§ Data for review
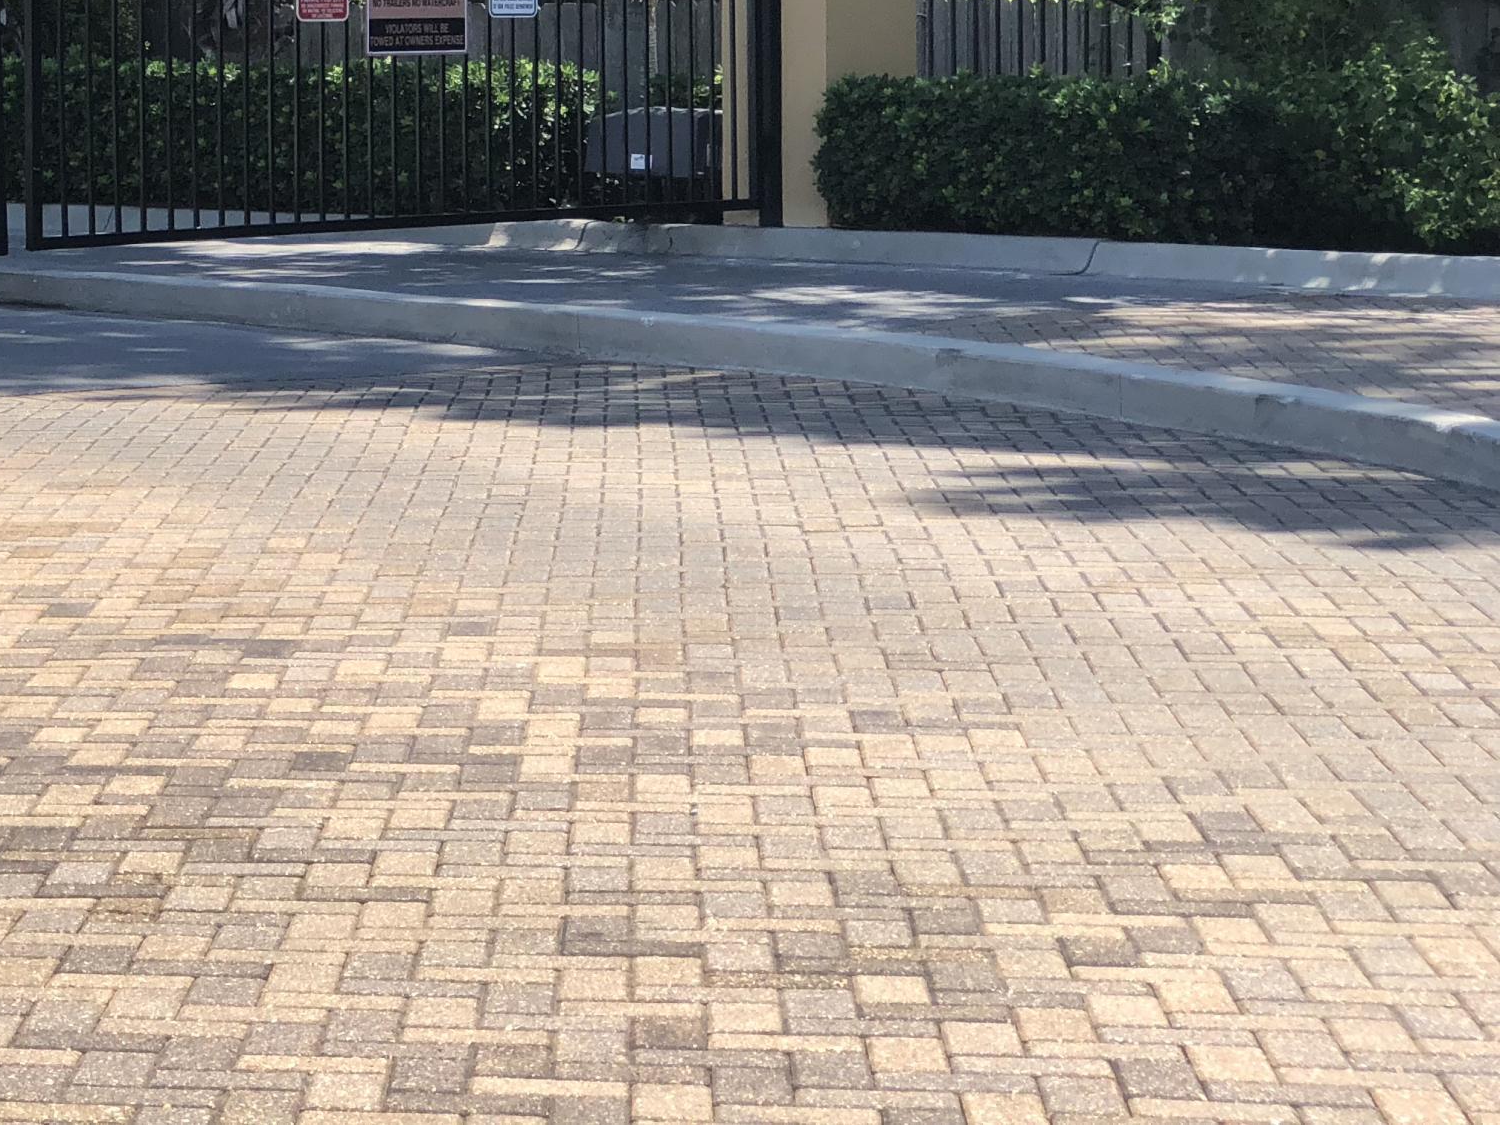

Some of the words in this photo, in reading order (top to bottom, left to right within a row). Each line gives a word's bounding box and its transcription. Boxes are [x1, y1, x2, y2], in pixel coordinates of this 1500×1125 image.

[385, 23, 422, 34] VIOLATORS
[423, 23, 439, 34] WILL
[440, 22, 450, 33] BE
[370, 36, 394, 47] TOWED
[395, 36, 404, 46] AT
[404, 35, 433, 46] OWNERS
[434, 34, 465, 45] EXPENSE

§ Work item
Copy out every line above, word for word, minus images.

§ Your response
Some of the words in this photo, in reading order (top to bottom, left to right within a row). Each line gives a word's bounding box and its transcription. Boxes are [x1, y1, x2, y2], in pixel coordinates of this 1500×1125 image.

[385, 23, 422, 34] VIOLATORS
[423, 23, 439, 34] WILL
[440, 22, 450, 33] BE
[370, 36, 394, 47] TOWED
[395, 36, 404, 46] AT
[404, 35, 433, 46] OWNERS
[434, 34, 465, 45] EXPENSE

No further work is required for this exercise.